ACCIDENT and Emergency staff are seeing some people more than 50 times in one year, taking up more than 1,000 consultations.

Last night a watchdog leader said repeat visits were putting further pressure on A&E despite more suitable NHS services being available.

The figures, obtained under the Freedom of Information Act, show 57 people in 2011/12 and 59 in 12/13 attended Oxford’s John Radcliffe Hospital more than ten times.

This resulted in 2,107 attendances while less than five went more than 50 or 100 times in 2011/12 – a total of 272 visits.

Watchdog boss Lawrie Stratford said repeat visits “clog the system”.
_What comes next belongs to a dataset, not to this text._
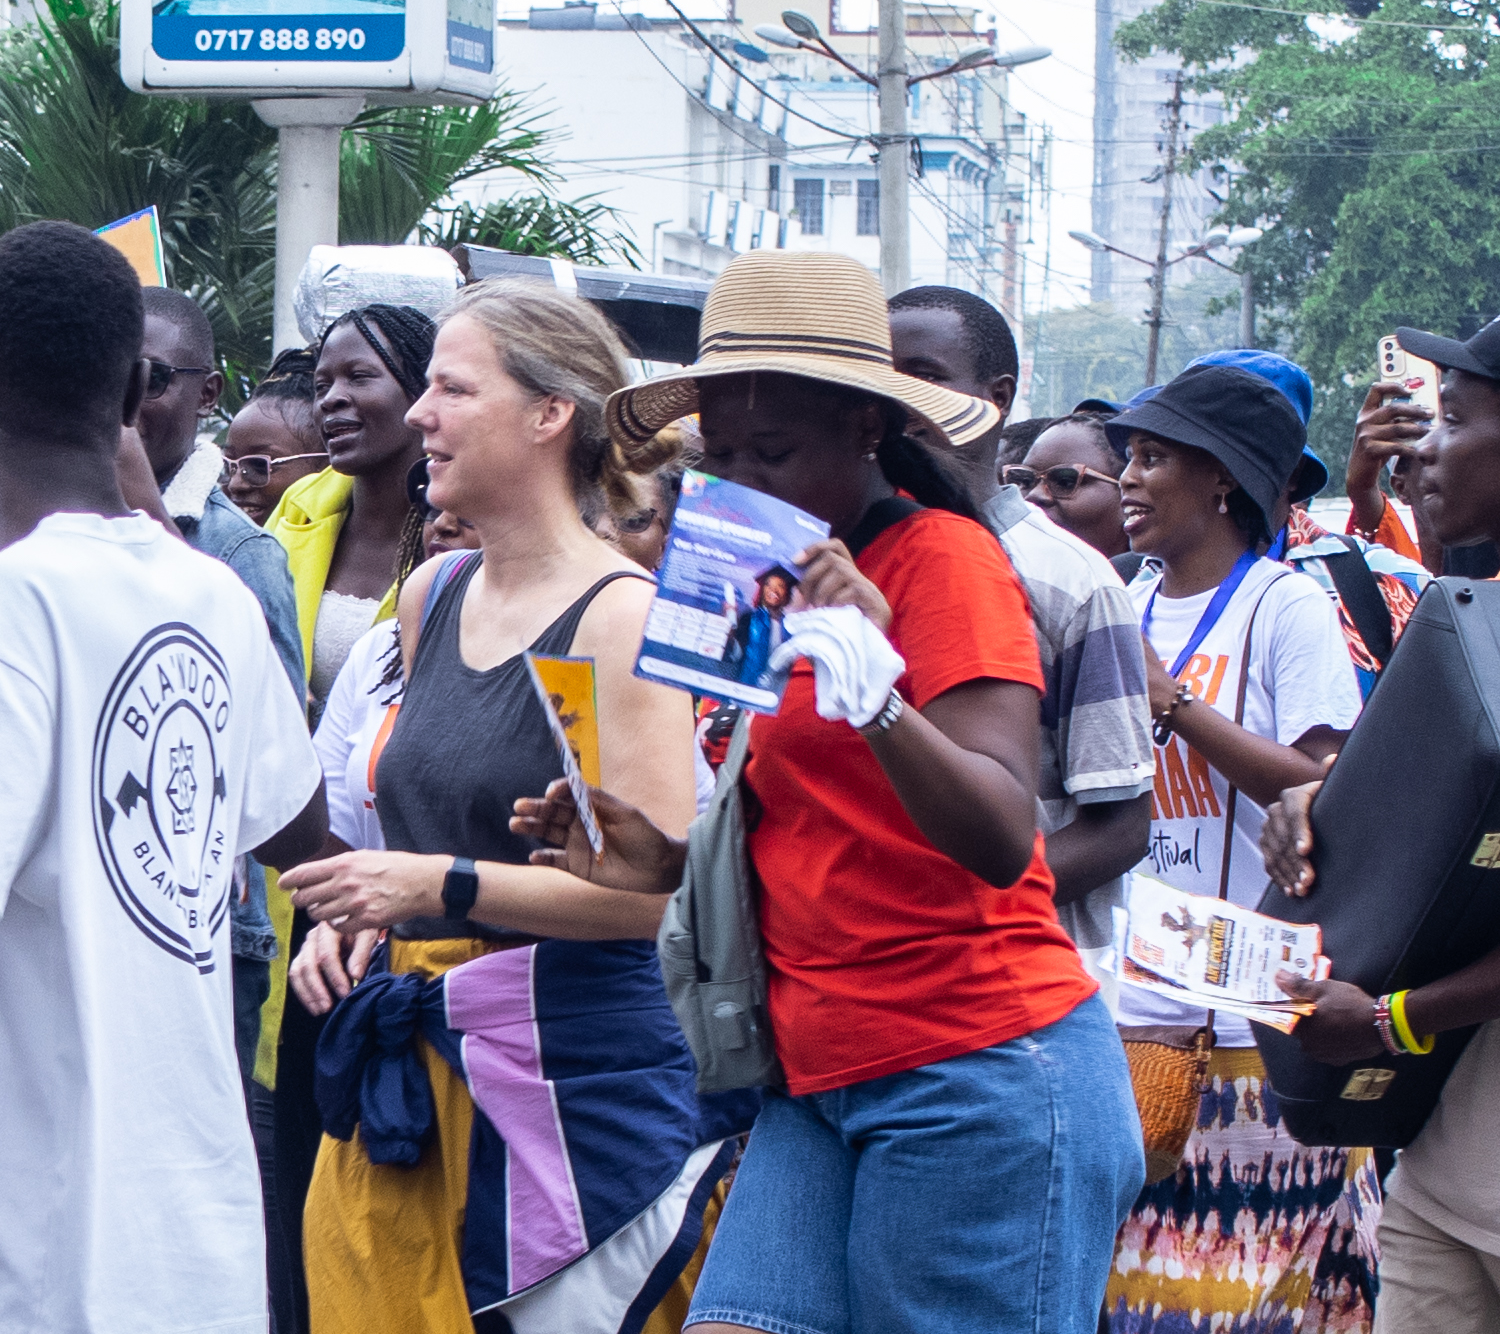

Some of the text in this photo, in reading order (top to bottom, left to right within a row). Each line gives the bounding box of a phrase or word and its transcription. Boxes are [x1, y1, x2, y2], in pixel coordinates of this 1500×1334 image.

[194, 28, 366, 52] 0717 888 890
Nationally the figures showed about 12,000 people visited 10 or more times at the same unit and they included a patient who attended Luton and Dunstable Hospital 234 times in a year and another who went 223 times to Sheffield’s Northern General.

Mr Stratford, chairman of the Oxfordshire Joint Health Overview and Scrutiny Committee, said: “The numbers are disturbing. We need to dig deep to find out more.”

Oxford East Labour MP Andrew Smith, said the figures were “quite extraordinary” and added: “More clearly needs to done to educate some people about when it’s right to go to A&E and when it isn’t.”

Minster Lovell’s Ryan Hunt, 72, said he had been to A&E three times in the year as cardiologists had not found the cause of chest pains.

He said: “It is always the same thing. I have had this problem before and it has never been sorted.”

The trust would not comment on the reasons for the repeat visits.

About 2,000 to 2,500 people attend the hospital and Banbury’s Horton General each week, both run by Oxford University Hospitals NHS Trust.

Figures released on Friday for the week to January 12 show that the trust again missed a key A&E waiting target.

Some 89.1 per cent were admitted, transferred or discharged within four hours against a target of 95 per cent, meaning that 218 patients waited more than that time.

It means the trust has missed the target every week apart from two weeks since October 21.

From January 9-15 figures show 44 planned operations were cancelled with beds often taken by emergency patients and 24 incidents were recorded of ambulances waiting outside A&E.

An average 133 bed-blocking incidents were recorded each day, where a patient is well enough to go home but community services are not in place to take them.

Trust spokeswoman Alison Barnes said the number of A&E visits rise in winter because of health problems associated with colder weather and more OAPs.